The British Pound (GBP) is still undergoing a tumultuous time of instability with a series of plunges that are overwhelming the British economy. All across the globe, investors have been asking: “When will it end?”
The British Pound was only just beginning to find stability and strength, but, things have changed rapidly. The Australian Dollar is probably doing better as it is no longer reeling from the European Economic Crisis, China has been strengthening its economy, the US Dollar is continuing to strengthen, and the Euro is suffering through a few problems.
This exchange rate volatility has impacted all countries equally, whether you are an investor retailer, or a consumer. The rise in the price of the UK’s currency means that today’s purchase price is much more expensive than what it was the day before. As the economy recovers and prices stabilize, the British Pound is likely to continue on a downward trend.
Other currencies, such as the Canadian Dollar and the Swiss Franc, have also suffered dramatically and are not doing as well as the GBP. The Canadian Dollar has seen some fluctuation over the past few weeks, but it is continuing to edge up at a steady pace. The Swiss Franc has been weaker than many others, but it is expected to continue on an upward trend.
The Bank of England has reported that the financial markets are unlikely to face any significant challenges until after the Budget in mid-February. Traders are forecasting that the Bank of England will meet its forecast for further interest rate increases this month.

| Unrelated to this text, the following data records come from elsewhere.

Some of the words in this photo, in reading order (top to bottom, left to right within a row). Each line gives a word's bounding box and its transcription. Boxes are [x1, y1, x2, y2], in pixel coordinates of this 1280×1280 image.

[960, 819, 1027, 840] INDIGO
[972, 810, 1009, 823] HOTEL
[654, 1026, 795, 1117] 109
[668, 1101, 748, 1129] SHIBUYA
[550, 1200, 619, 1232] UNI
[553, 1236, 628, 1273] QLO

Investors are expecting that the British Government is going to announce more spending cuts to ease the burden on the public purse. Many expect that the Budget may fall short of forecasts and, as a result, there will be further turmoil for the British Pound. Forecasts from professional forecasters will continue to point to further depreciation in the British Pound.

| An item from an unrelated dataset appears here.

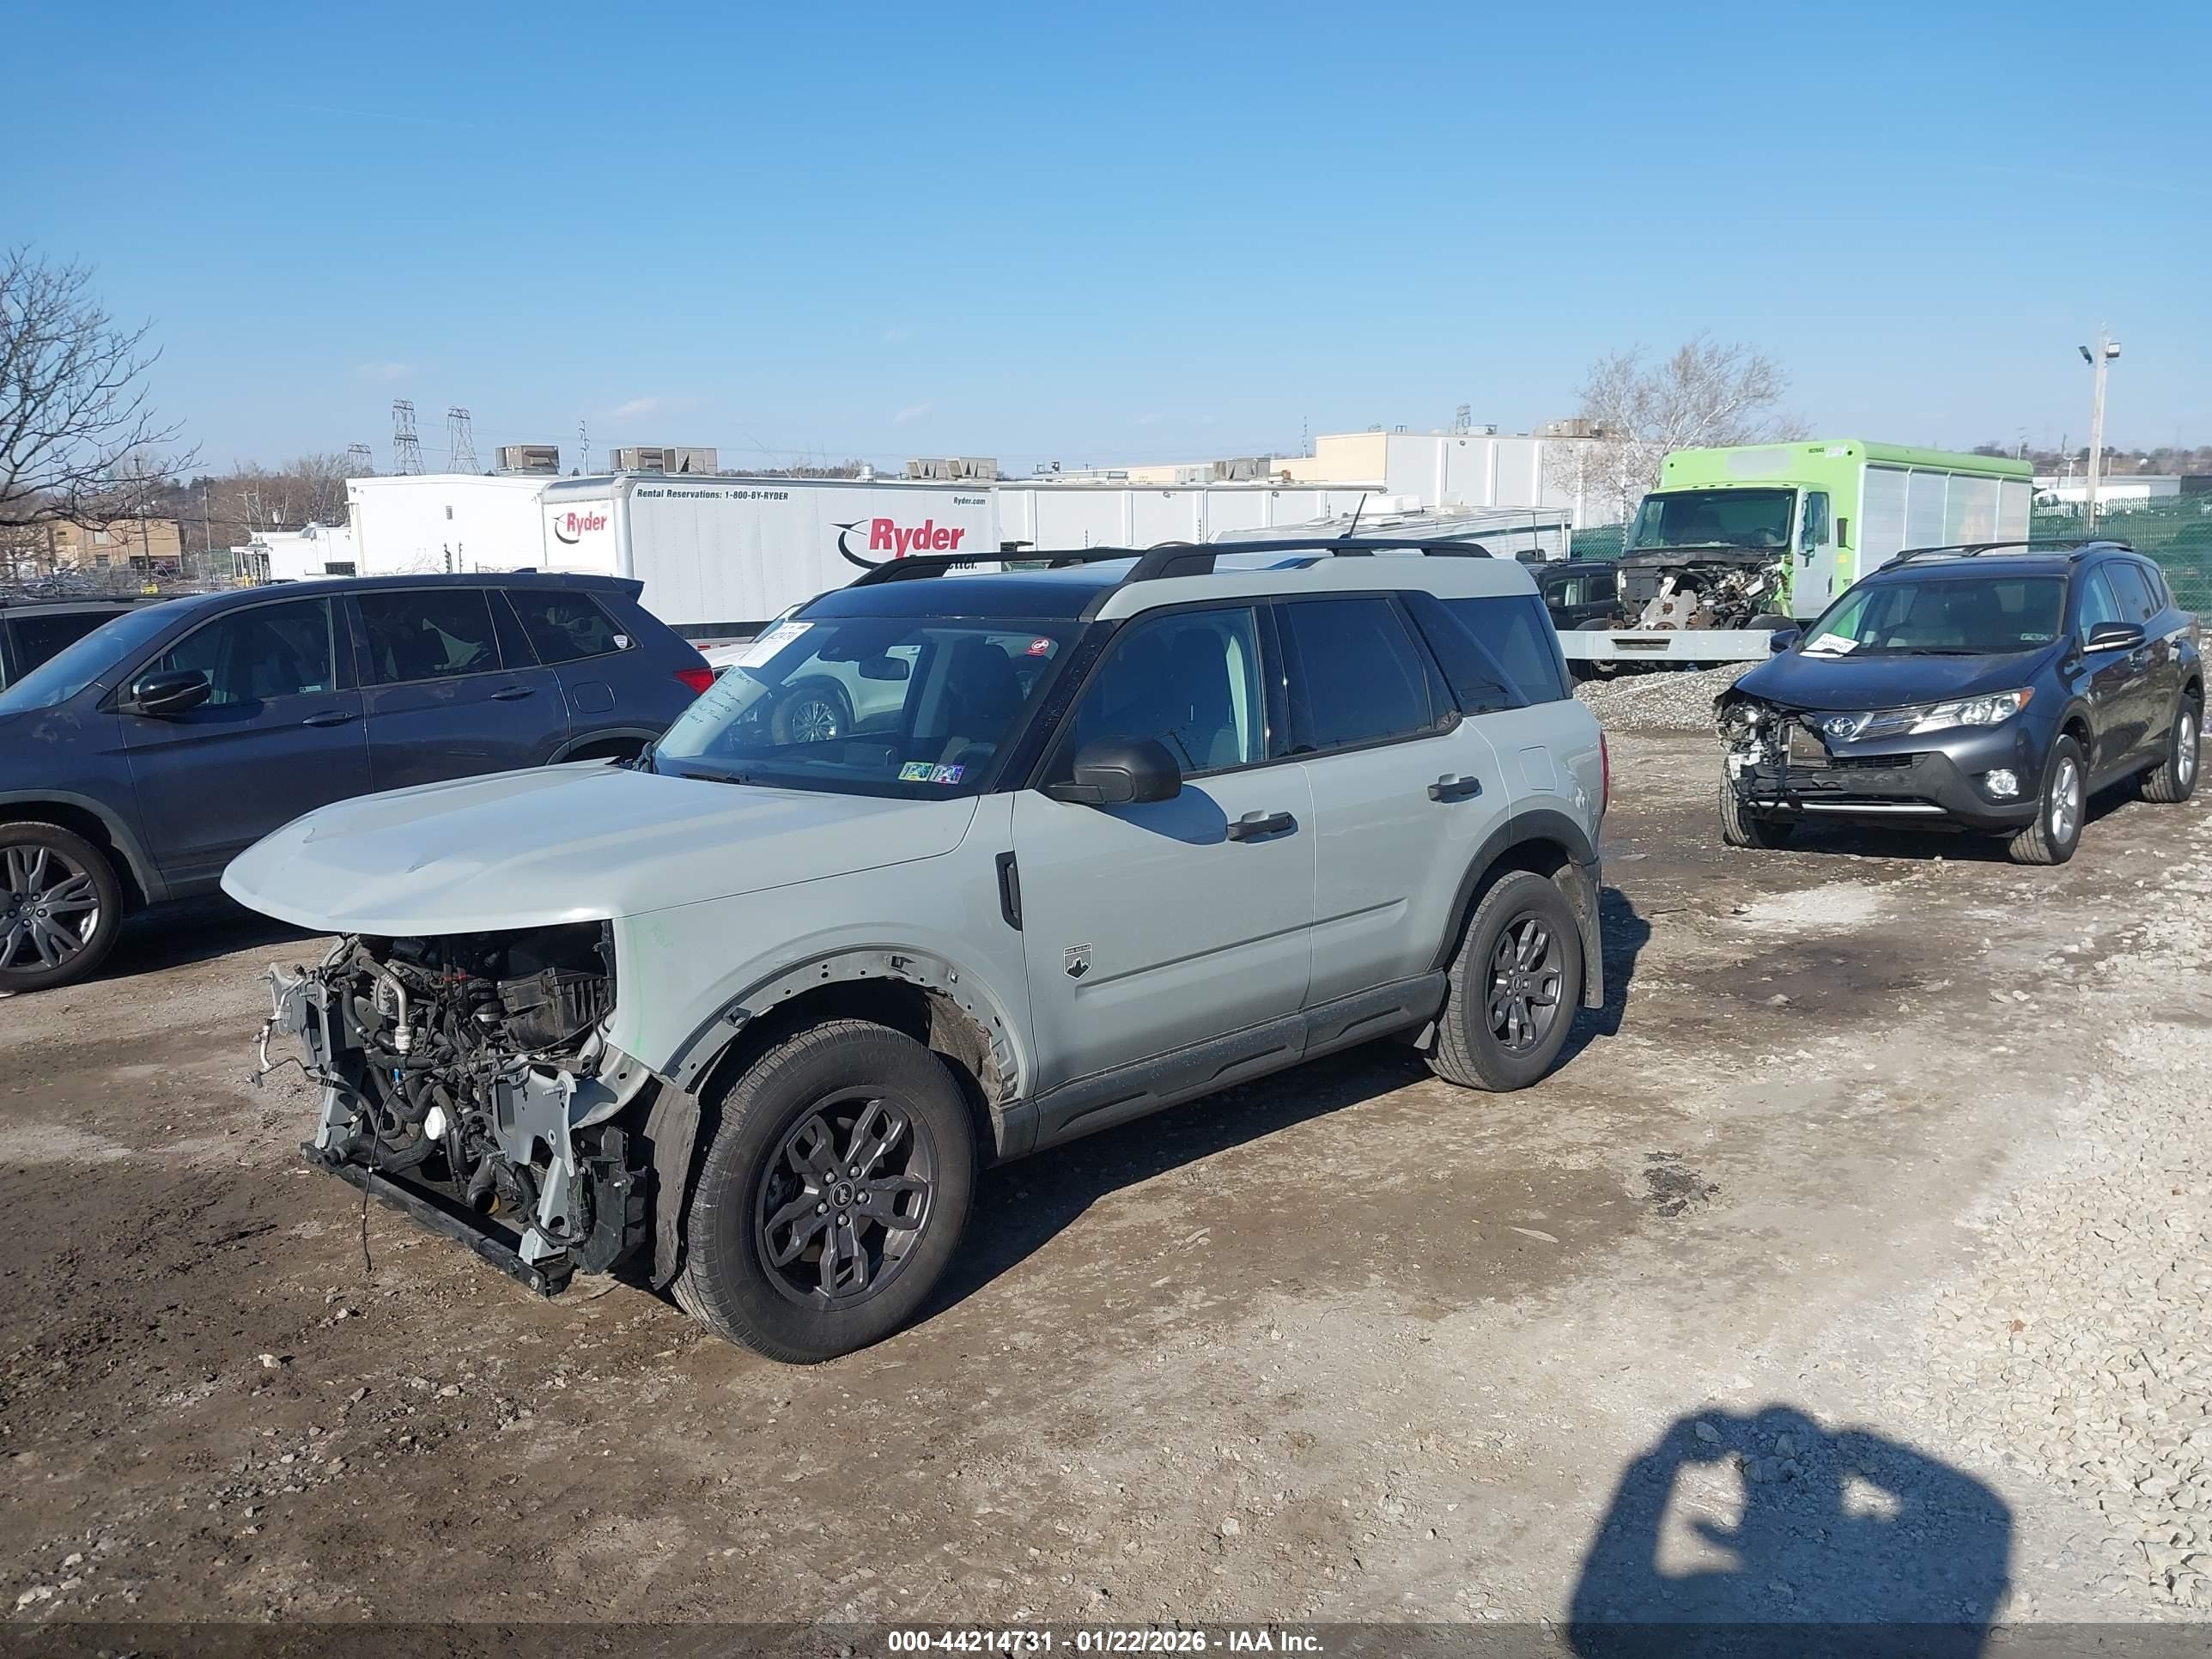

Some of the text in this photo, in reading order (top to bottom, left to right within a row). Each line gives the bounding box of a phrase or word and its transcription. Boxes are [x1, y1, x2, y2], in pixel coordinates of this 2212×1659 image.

[637, 489, 789, 501] Rental Reservations: 1-800-BY-RYDER
[953, 496, 986, 506] Ryder.com
[567, 511, 607, 537] Ryder
[869, 518, 965, 559] Ryder

With higher interest rates and a reduced budget, this should help to stop the British economy from falling further into recession. In fact, the Bank of England does not expect the British economy to be in recession for another six months. After this, the rate of unemployment will continue to rise, but, not as quickly as it has increased over the past couple of years.
With more spending cuts to come, there is a greater likelihood that consumers will continue to pull back on their purchases and many firms will be forced to lay off staff, putting less money in customers’ pockets. This is a major concern for investors as the last thing they want is for their money to be wasted.
The fact that the European Economic Crisis has had a devastating effect on credit and spending in the UK, it is hard to believe that these factors will not begin to affect the Bank of England, banks, and consumers. Since so many businesses in the UK rely on huge amounts of credit to remain profitable, this is the last thing that investors want to see happen.
Another important factor in this battle for the fate of the British Pound is time. With interest rates being raised as soon as the Budget is announced, many consumers will be delaying purchases until the rates start to fall.
With any budget cuts, the individual or family may lose their ability to boost their bank balance and save up for future purchases. Investing in precious metals will ensure that you will have funds to make purchases when the time comes.
As the value of precious metals such as gold and silver increases, there is no reason why these currencies should not continue to grow in value over the coming months. When you combine this growth with a stable economy, the UK Pound can go down a lot further, but, this is only good news for those who have their investments in precious metals.